◆ **ACTION ITEM**: An exact transcription of every entry is required, with the images left out.

Images for object localization:
####################
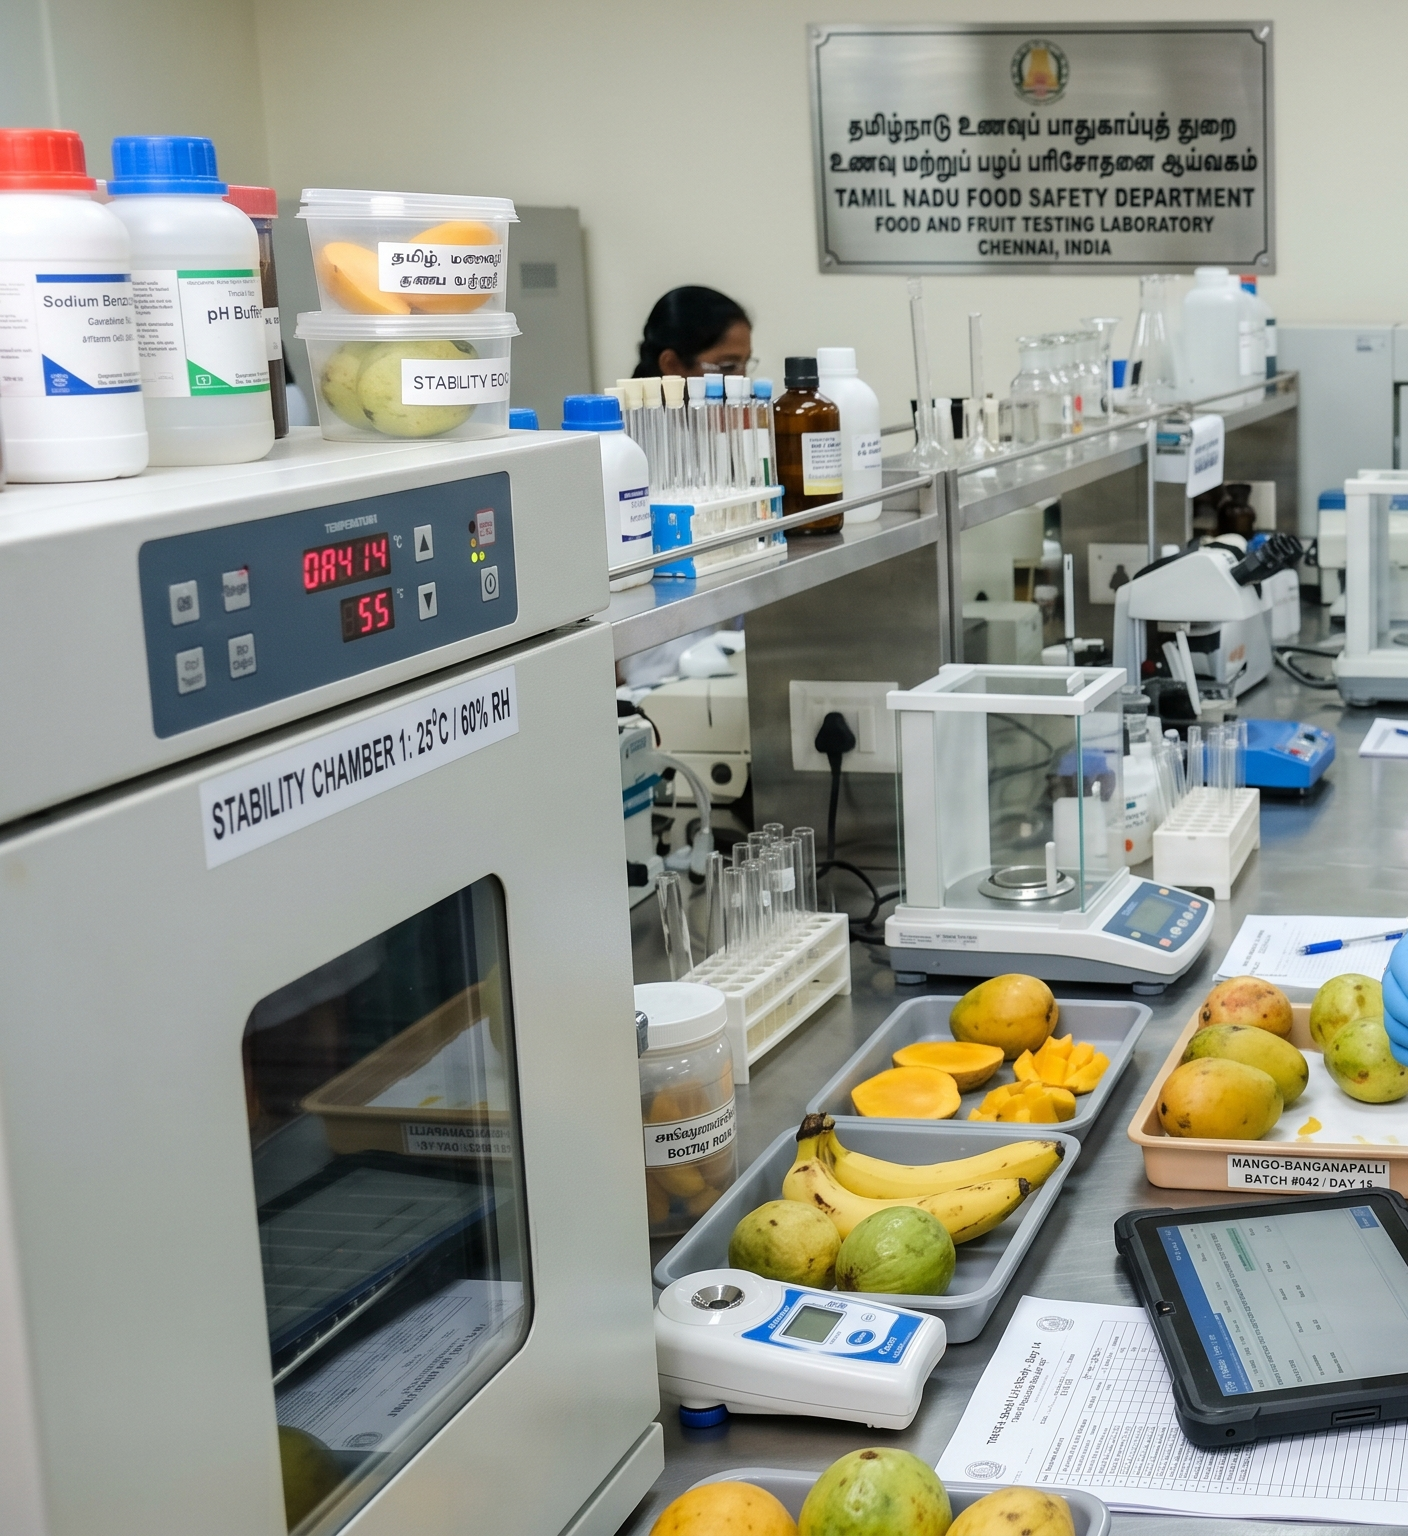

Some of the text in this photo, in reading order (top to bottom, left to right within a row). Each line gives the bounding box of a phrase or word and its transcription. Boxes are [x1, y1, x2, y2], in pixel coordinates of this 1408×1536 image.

[848, 111, 1237, 145] தமிழ்நாடு உணவுப் பாதுகாப்புத் துறை
[830, 152, 897, 177] உணவு
[978, 148, 1021, 180] பழப்
[1162, 146, 1258, 178] ஆய்வகம்
[835, 187, 1255, 208] TAMIL NADU FOOD SAFETY DEPARTMENT
[875, 216, 1214, 233] FOOD AND FRUIT TESTING LABORATORY
[978, 239, 1112, 260] CHENNAI, INDIA
[43, 295, 99, 308] Sodium
[207, 306, 230, 325] pH
[413, 373, 488, 391] STABILITY
[358, 592, 390, 634] 55
[212, 767, 306, 841] STABILITY
[311, 733, 396, 799] CHAMBER
[399, 727, 413, 762] 1:
[461, 696, 489, 736] 60%
[491, 686, 511, 724] RH
[1232, 1158, 1386, 1175] MANGO-BANGANAPALLI
[1244, 1173, 1287, 1186] BATCH
[1291, 1176, 1319, 1188] #042
[1329, 1178, 1356, 1189] DAY
####################
◆ **SOLUTION TO THE PROBLEM**:
Some of the text in this photo, in reading order (top to bottom, left to right within a row). Each line gives the bounding box of a phrase or word and its transcription. Boxes are [x1, y1, x2, y2], in pixel coordinates of this 1408×1536 image.

[848, 111, 1237, 145] தமிழ்நாடு உணவுப் பாதுகாப்புத் துறை
[830, 152, 897, 177] உணவு
[978, 148, 1021, 180] பழப்
[1162, 146, 1258, 178] ஆய்வகம்
[835, 187, 1255, 208] TAMIL NADU FOOD SAFETY DEPARTMENT
[875, 216, 1214, 233] FOOD AND FRUIT TESTING LABORATORY
[978, 239, 1112, 260] CHENNAI, INDIA
[43, 295, 99, 308] Sodium
[207, 306, 230, 325] pH
[413, 373, 488, 391] STABILITY
[358, 592, 390, 634] 55
[212, 767, 306, 841] STABILITY
[311, 733, 396, 799] CHAMBER
[399, 727, 413, 762] 1:
[461, 696, 489, 736] 60%
[491, 686, 511, 724] RH
[1232, 1158, 1386, 1175] MANGO-BANGANAPALLI
[1244, 1173, 1287, 1186] BATCH
[1291, 1176, 1319, 1188] #042
[1329, 1178, 1356, 1189] DAY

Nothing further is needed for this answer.